Dataset entries:
*-*-*

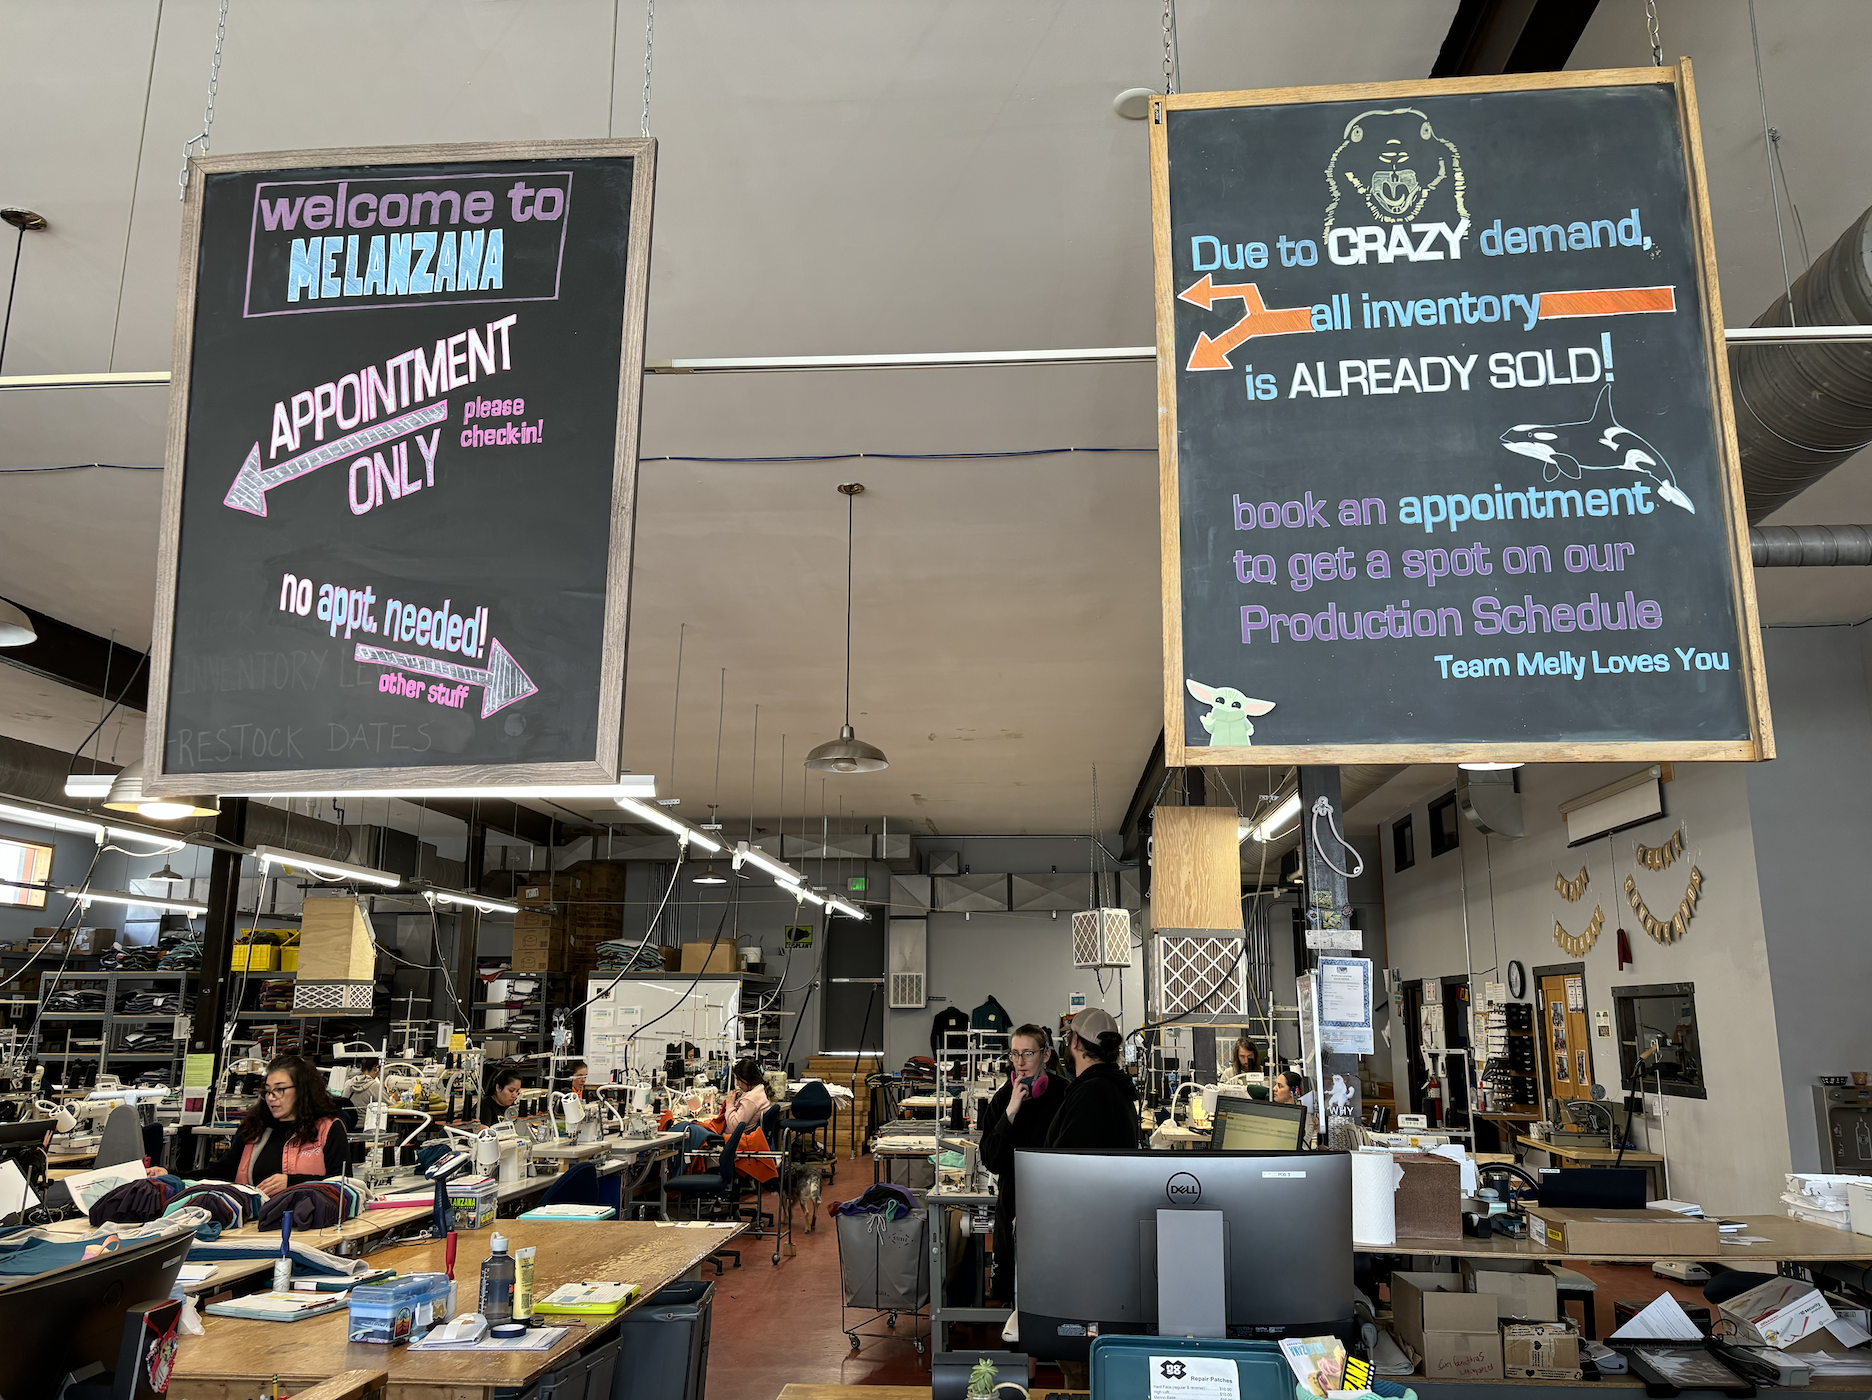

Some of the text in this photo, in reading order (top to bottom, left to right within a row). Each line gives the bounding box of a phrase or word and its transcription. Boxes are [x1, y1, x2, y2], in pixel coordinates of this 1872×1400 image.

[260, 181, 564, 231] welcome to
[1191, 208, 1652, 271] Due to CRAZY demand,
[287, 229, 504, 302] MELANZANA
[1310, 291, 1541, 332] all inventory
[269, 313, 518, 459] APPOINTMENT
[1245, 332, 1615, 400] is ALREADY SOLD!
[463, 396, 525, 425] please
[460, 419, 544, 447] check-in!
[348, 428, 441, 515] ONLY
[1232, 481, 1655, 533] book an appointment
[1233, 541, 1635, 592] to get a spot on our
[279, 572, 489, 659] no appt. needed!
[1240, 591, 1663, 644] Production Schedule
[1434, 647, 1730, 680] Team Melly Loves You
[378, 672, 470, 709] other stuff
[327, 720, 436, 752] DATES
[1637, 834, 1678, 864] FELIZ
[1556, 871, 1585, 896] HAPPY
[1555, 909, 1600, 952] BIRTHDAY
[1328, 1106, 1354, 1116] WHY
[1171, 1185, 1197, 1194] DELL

*-*-*

Set every entry down again exactly as written, and omit the images.

*OUTPUT*
Some of the text in this photo, in reading order (top to bottom, left to right within a row). Each line gives the bounding box of a phrase or word and its transcription. Boxes are [x1, y1, x2, y2], in pixel coordinates of this 1872×1400 image.

[260, 181, 564, 231] welcome to
[1191, 208, 1652, 271] Due to CRAZY demand,
[287, 229, 504, 302] MELANZANA
[1310, 291, 1541, 332] all inventory
[269, 313, 518, 459] APPOINTMENT
[1245, 332, 1615, 400] is ALREADY SOLD!
[463, 396, 525, 425] please
[460, 419, 544, 447] check-in!
[348, 428, 441, 515] ONLY
[1232, 481, 1655, 533] book an appointment
[1233, 541, 1635, 592] to get a spot on our
[279, 572, 489, 659] no appt. needed!
[1240, 591, 1663, 644] Production Schedule
[1434, 647, 1730, 680] Team Melly Loves You
[378, 672, 470, 709] other stuff
[327, 720, 436, 752] DATES
[1637, 834, 1678, 864] FELIZ
[1556, 871, 1585, 896] HAPPY
[1555, 909, 1600, 952] BIRTHDAY
[1328, 1106, 1354, 1116] WHY
[1171, 1185, 1197, 1194] DELL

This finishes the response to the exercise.